= RECORDED INFORMATION =

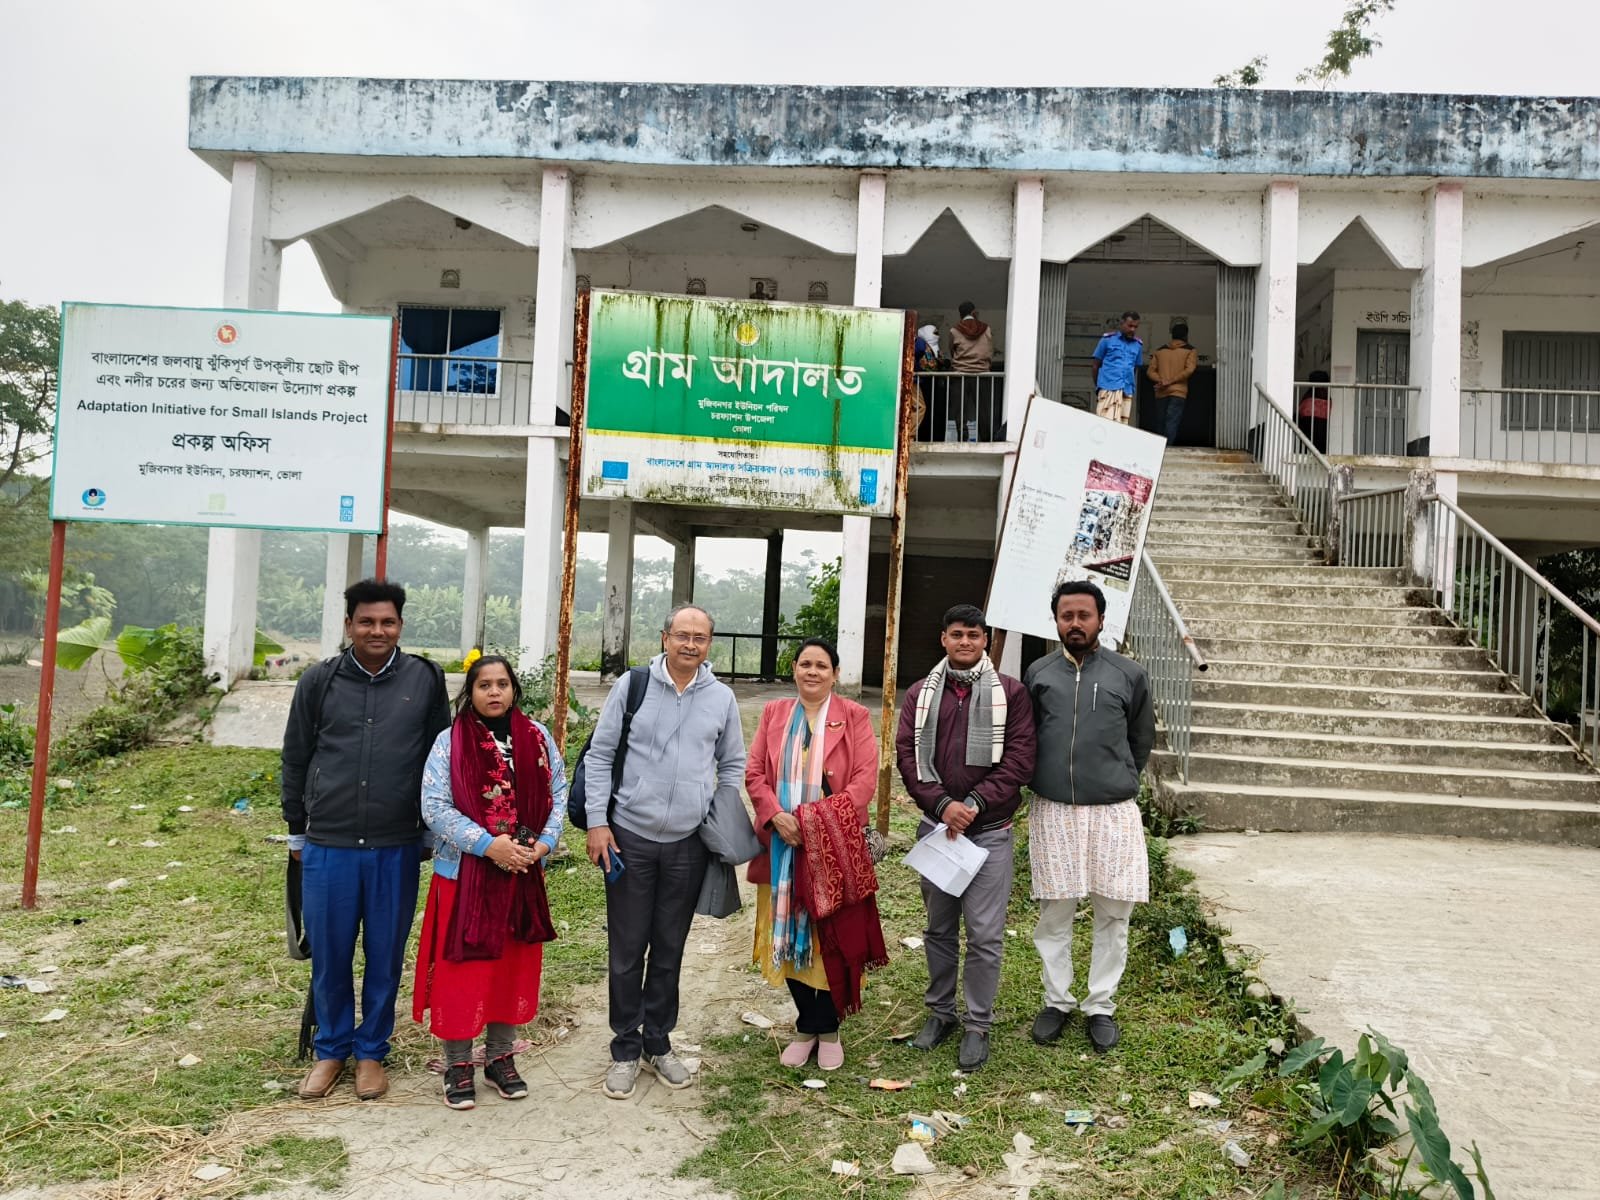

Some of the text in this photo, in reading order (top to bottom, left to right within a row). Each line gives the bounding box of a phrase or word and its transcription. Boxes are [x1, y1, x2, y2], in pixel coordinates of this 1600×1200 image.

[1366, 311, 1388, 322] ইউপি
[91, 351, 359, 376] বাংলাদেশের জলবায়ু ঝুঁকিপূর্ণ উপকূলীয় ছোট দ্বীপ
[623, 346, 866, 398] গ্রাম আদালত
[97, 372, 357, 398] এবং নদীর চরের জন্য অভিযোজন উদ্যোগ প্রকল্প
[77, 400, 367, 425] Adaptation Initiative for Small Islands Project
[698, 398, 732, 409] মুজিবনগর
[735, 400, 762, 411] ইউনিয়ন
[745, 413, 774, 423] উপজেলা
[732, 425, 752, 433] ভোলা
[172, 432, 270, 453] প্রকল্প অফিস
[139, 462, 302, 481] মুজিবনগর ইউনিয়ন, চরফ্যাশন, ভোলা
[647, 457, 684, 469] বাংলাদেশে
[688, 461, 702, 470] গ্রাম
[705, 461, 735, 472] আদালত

= PROBLEM DETAILS =
Write the lines above out again exactly, excluding every picture.

= WRITTEN RESPONSE =
Some of the text in this photo, in reading order (top to bottom, left to right within a row). Each line gives the bounding box of a phrase or word and its transcription. Boxes are [x1, y1, x2, y2], in pixel coordinates of this 1600×1200 image.

[1366, 311, 1388, 322] ইউপি
[91, 351, 359, 376] বাংলাদেশের জলবায়ু ঝুঁকিপূর্ণ উপকূলীয় ছোট দ্বীপ
[623, 346, 866, 398] গ্রাম আদালত
[97, 372, 357, 398] এবং নদীর চরের জন্য অভিযোজন উদ্যোগ প্রকল্প
[77, 400, 367, 425] Adaptation Initiative for Small Islands Project
[698, 398, 732, 409] মুজিবনগর
[735, 400, 762, 411] ইউনিয়ন
[745, 413, 774, 423] উপজেলা
[732, 425, 752, 433] ভোলা
[172, 432, 270, 453] প্রকল্প অফিস
[139, 462, 302, 481] মুজিবনগর ইউনিয়ন, চরফ্যাশন, ভোলা
[647, 457, 684, 469] বাংলাদেশে
[688, 461, 702, 470] গ্রাম
[705, 461, 735, 472] আদালত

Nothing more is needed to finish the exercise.